Phrase grounding data
=== Section Start ===

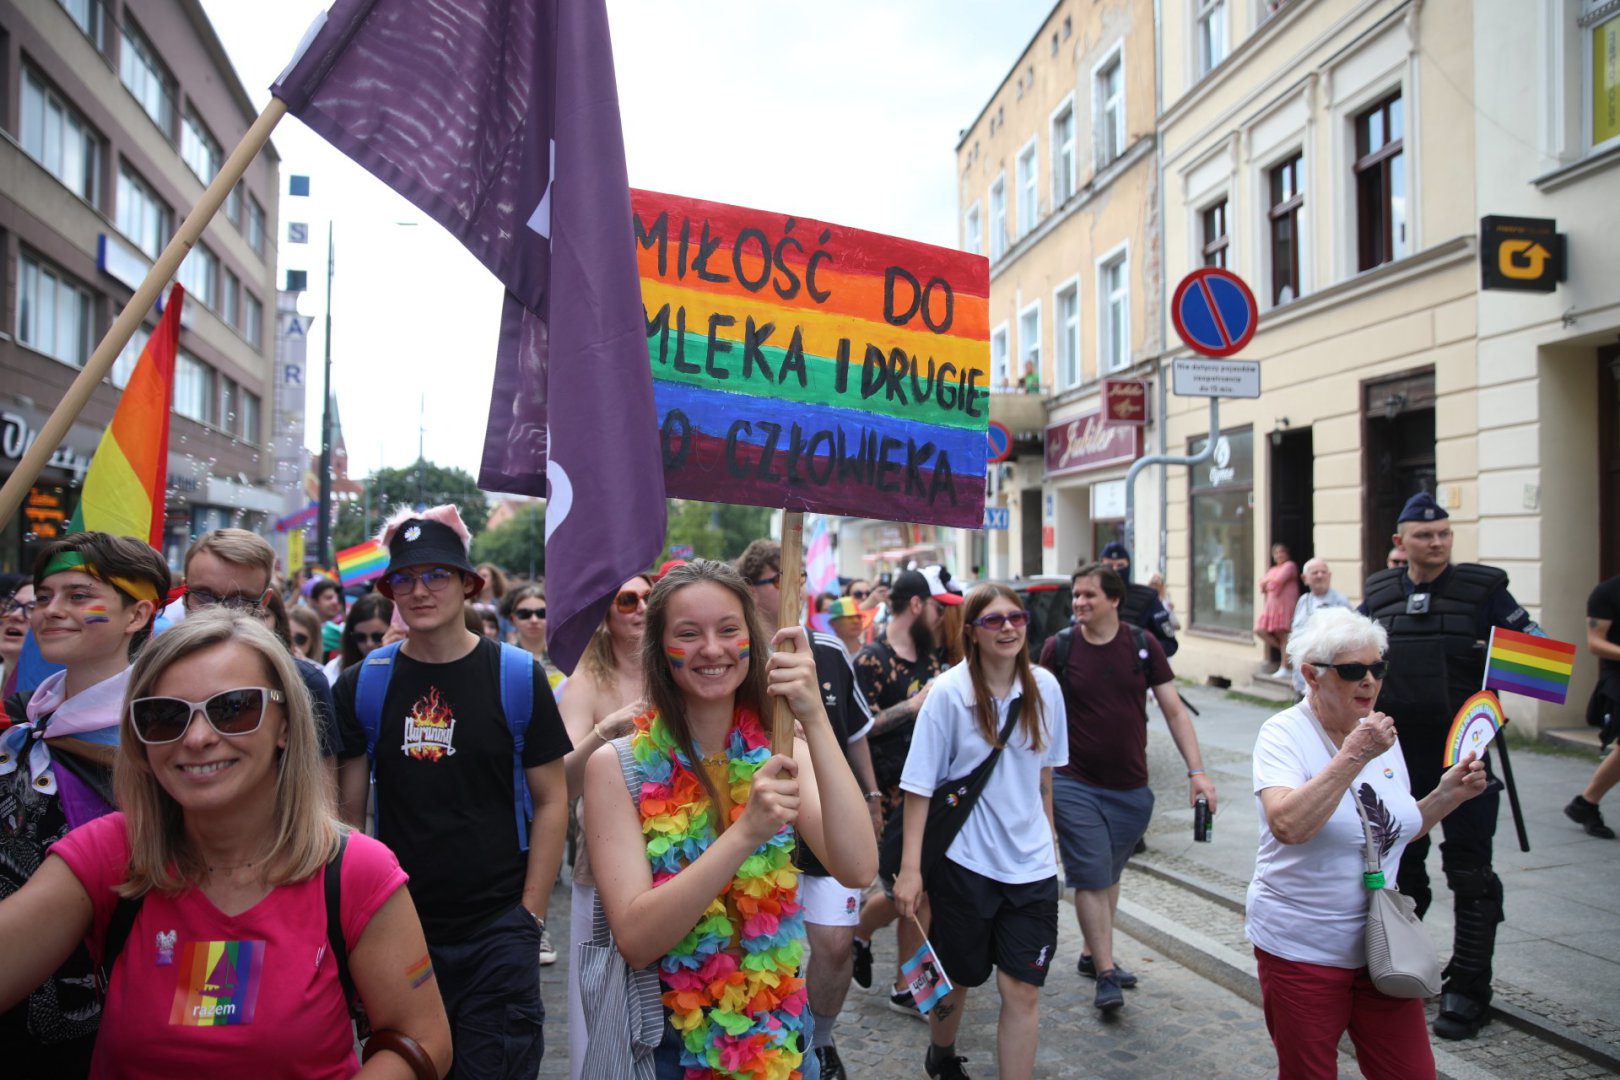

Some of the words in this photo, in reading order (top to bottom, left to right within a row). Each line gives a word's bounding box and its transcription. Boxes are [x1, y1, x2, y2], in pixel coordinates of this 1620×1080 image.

[634, 210, 832, 303] MIŁOŚĆ
[884, 266, 954, 334] DO
[642, 303, 808, 388] MLEKA
[835, 338, 851, 394] I
[661, 407, 691, 470] O
[727, 419, 957, 506] CZŁOWIEKA
[983, 508, 1007, 527] AXI
[192, 1003, 236, 1017] razem
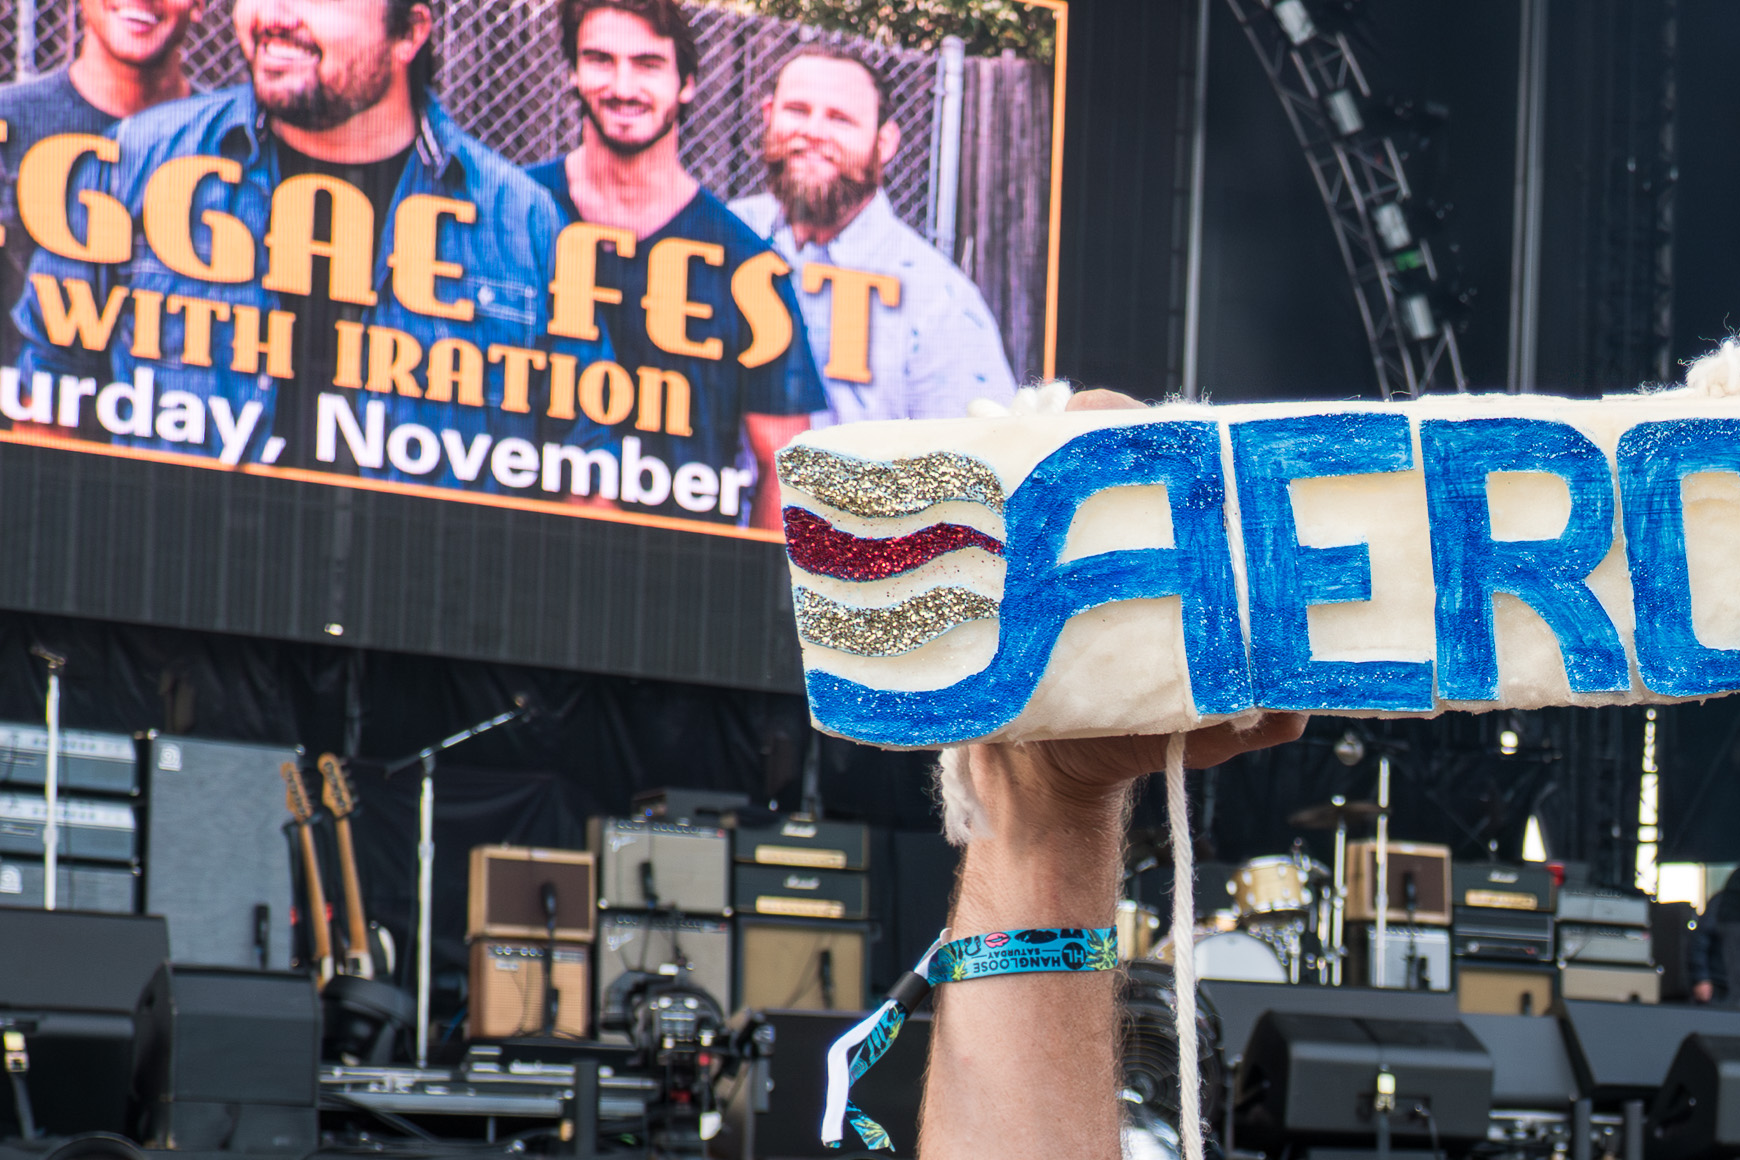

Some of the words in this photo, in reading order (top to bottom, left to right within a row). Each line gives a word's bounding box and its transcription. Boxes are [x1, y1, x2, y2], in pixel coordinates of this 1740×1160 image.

=== Section End ===

• [Required action]: Once the pictures are removed, repeat all of the data above exactly.

• [Answer section]:
Some of the words in this photo, in reading order (top to bottom, left to right within a row). Each line gives a word's bounding box and its transcription. Boxes are [x1, y1, x2, y2], in pixel coordinates of this 1620×1080 image.

[634, 210, 832, 303] MIŁOŚĆ
[884, 266, 954, 334] DO
[642, 303, 808, 388] MLEKA
[835, 338, 851, 394] I
[661, 407, 691, 470] O
[727, 419, 957, 506] CZŁOWIEKA
[983, 508, 1007, 527] AXI
[192, 1003, 236, 1017] razem

Some of the words in this photo, in reading order (top to bottom, left to right within a row). Each line gives a word's bounding box and its transcription. Boxes are [x1, y1, x2, y2], in pixel coordinates of this 1740×1160 image.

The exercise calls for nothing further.